9/28/2007 2:01 PM EDT

DRAM manufacturers are about to run out of good news -- in about 60 days or so. Without a big surge in demand really soon, we probably won't see a reason to own these stocks and will have to wait until next July for some positive indicators.

Micron's (MU) stock popped 6% Thursday on positive comments by a sell-side analyst who suggested that, in his opinion, the company may surprise to the upside when it reports next Tuesday. The catalyst, from his perspective, will be NAND flash.

While it is true that contract prices for the popular multilevel cell parts have increased in the 23%-25% neighborhood over the course of the company quarter, they have also dropped 8%-11% since the quarter closed.

Despite the price increase during the quarter, NAND flash represents only about 25% of the company's revenue. And about half of the output is from the IM/Flash joint venture with Intel (INTC) and not subject to the price increase.

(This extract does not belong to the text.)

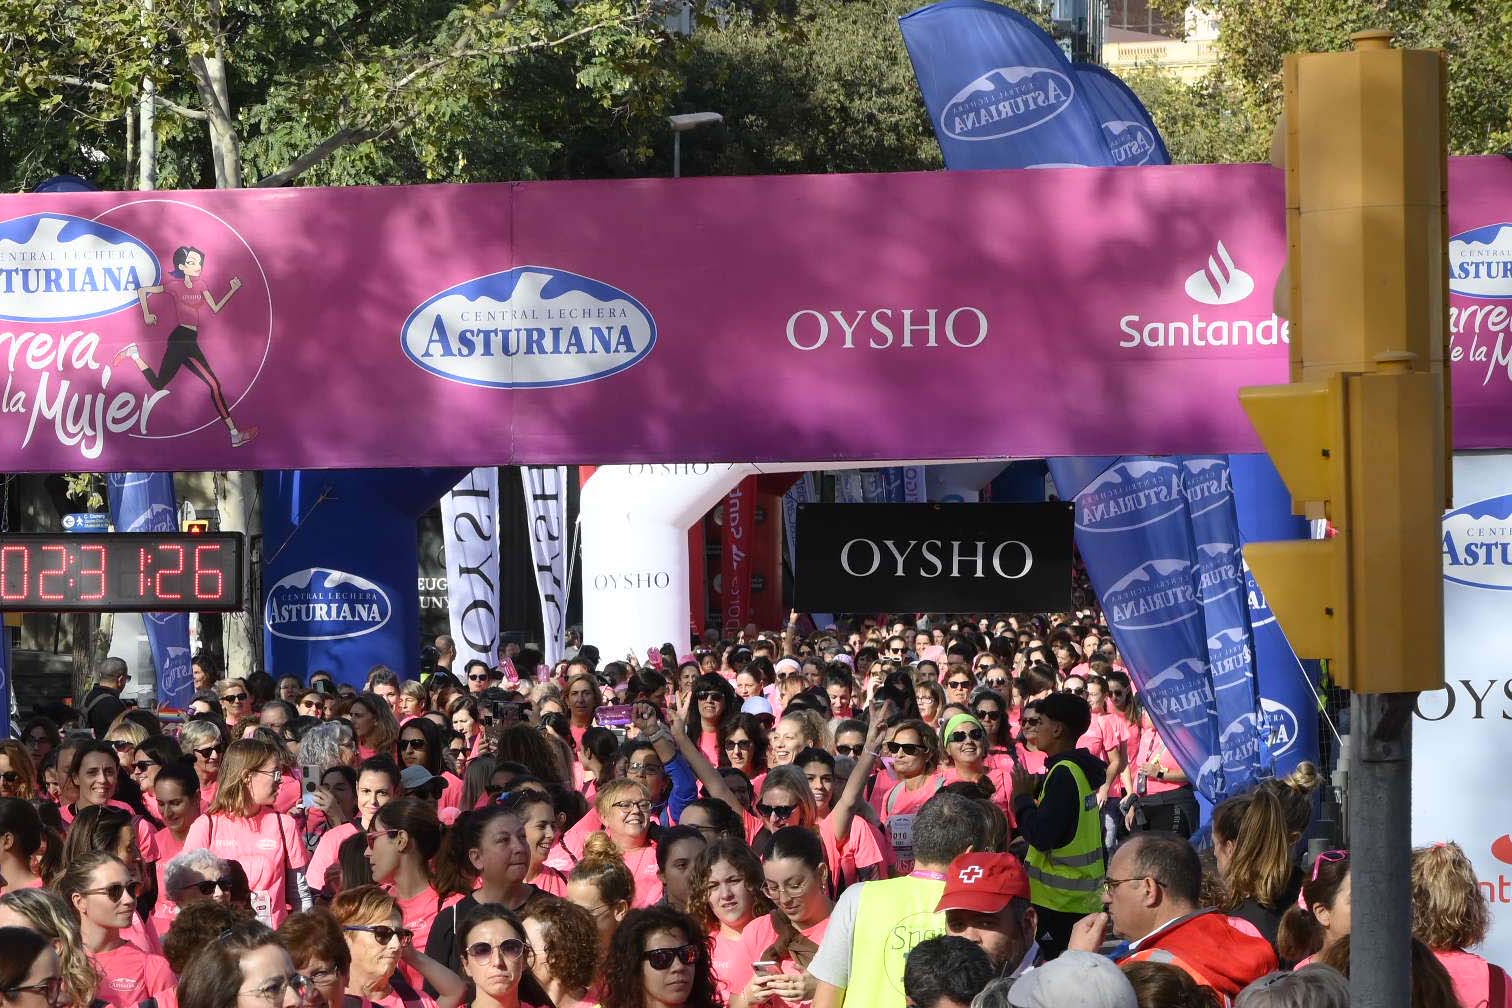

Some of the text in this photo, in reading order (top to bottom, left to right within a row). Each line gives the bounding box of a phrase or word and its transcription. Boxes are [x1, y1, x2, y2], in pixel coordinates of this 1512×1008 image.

The real catalyst for Micron's quarter will be commodity DRAM prices, and today's Wall Street Journal article about Hynix speaks volumes about conditions in that market. According to the article, Hynix has stopped selling DRAM in the open market during the past month, and is only fulfilling its contractual obligations to OEMs. Obviously, pricing has declined below Hynix's cash or variable cost whereby it makes more sense not to manufacture because you lose less money.

Historically, the DRAM market has a seasonality to it driven by the back-to-school season and the holidays. As OEMs ramp production for the second half, prices of these commodities tend to start rising in the June-July time frame and generally stay fairly strong into late November. Last year, that strength continued on through year-end, in part due to the shift of some capacity from DRAM production to NAND flash production by large manufacturers.

As you can see from the chart below, the industry experienced that classic move up in pricing on cue in July. But the firming dissipated in August and has been weak since then. Looked at from a different perspective, most DRAM OEMs expect prices to decline on average between 30% and 40% on a year-over-year basis. The current average declines for the 512 Mb parts are running between 50% and 60%.

Contract prices are heavily influenced directionally by spot market prices over time. Despite Hynix having removed its capacity from the spot market, spot prices have continued to remain quite weak (hence softening contract prices). This suggests substantial excess capacity or weak demand.

On the demand side, there has been nothing to suggest anything but positive near-term results. Both Hewlett-Packard (HPQ) and Dell (DELL) reported solid results and Intel recently raised its guidance. While no one can rule out a negative surprise from AMD (AMD) , that will be more the result of being in Intel's crosshairs than a market issue.

So that leaves the supply side of the equation. I have discussed in this forum before the issue that the semiconductor capital equipment industry in 2005 and 2006 was driven by very strong demand from memory manufacturers. Initially, it was NAND-driven, but in the latter stages shifted over to DRAM. That capacity is apparently not fully absorbed yet, and we're seeing the results with current pricing.

Unless there's a dramatic change in demand over the very near term, the seasonally strong period will end in about 60 days or so. Then you'll have to wait until next July for some positive indicators.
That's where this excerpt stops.